**WORK TO COMPLETE**
Could you repeat all of the entries word for word, minus any pictures?

Data records:
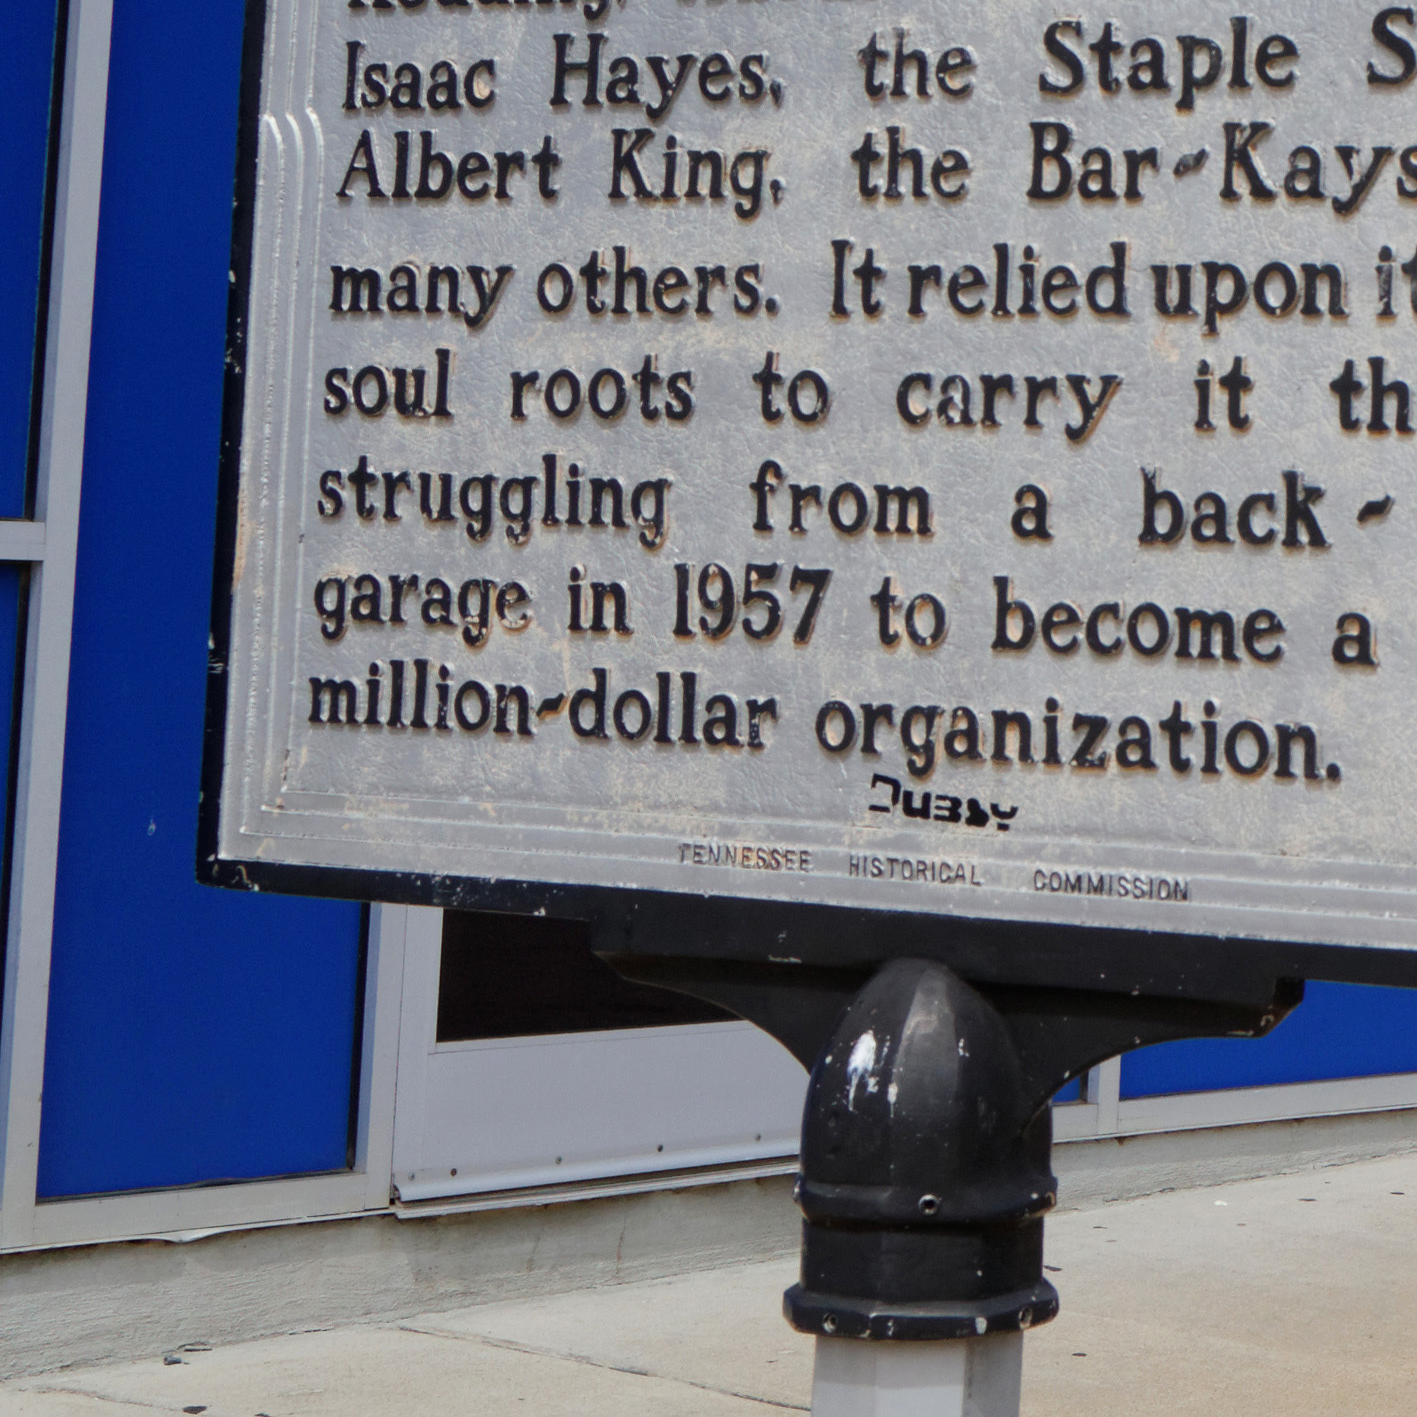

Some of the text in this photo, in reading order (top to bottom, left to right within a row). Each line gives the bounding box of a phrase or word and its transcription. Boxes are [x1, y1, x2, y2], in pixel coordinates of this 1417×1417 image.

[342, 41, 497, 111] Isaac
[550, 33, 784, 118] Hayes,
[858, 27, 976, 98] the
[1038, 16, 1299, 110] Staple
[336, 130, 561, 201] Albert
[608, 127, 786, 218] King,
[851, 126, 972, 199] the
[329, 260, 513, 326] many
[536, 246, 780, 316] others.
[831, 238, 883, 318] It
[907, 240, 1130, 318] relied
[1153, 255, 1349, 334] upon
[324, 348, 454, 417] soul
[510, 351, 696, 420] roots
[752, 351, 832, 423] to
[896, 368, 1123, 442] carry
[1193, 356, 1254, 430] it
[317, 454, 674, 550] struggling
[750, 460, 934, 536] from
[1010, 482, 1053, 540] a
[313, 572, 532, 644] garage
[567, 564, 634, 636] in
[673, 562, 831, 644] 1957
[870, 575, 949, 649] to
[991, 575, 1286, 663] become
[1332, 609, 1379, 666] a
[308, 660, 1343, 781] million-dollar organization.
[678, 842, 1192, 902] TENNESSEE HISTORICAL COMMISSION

**TASK OUTPUT**
Some of the text in this photo, in reading order (top to bottom, left to right within a row). Each line gives the bounding box of a phrase or word and its transcription. Boxes are [x1, y1, x2, y2], in pixel coordinates of this 1417×1417 image.

[342, 41, 497, 111] Isaac
[550, 33, 784, 118] Hayes,
[858, 27, 976, 98] the
[1038, 16, 1299, 110] Staple
[336, 130, 561, 201] Albert
[608, 127, 786, 218] King,
[851, 126, 972, 199] the
[329, 260, 513, 326] many
[536, 246, 780, 316] others.
[831, 238, 883, 318] It
[907, 240, 1130, 318] relied
[1153, 255, 1349, 334] upon
[324, 348, 454, 417] soul
[510, 351, 696, 420] roots
[752, 351, 832, 423] to
[896, 368, 1123, 442] carry
[1193, 356, 1254, 430] it
[317, 454, 674, 550] struggling
[750, 460, 934, 536] from
[1010, 482, 1053, 540] a
[313, 572, 532, 644] garage
[567, 564, 634, 636] in
[673, 562, 831, 644] 1957
[870, 575, 949, 649] to
[991, 575, 1286, 663] become
[1332, 609, 1379, 666] a
[308, 660, 1343, 781] million-dollar organization.
[678, 842, 1192, 902] TENNESSEE HISTORICAL COMMISSION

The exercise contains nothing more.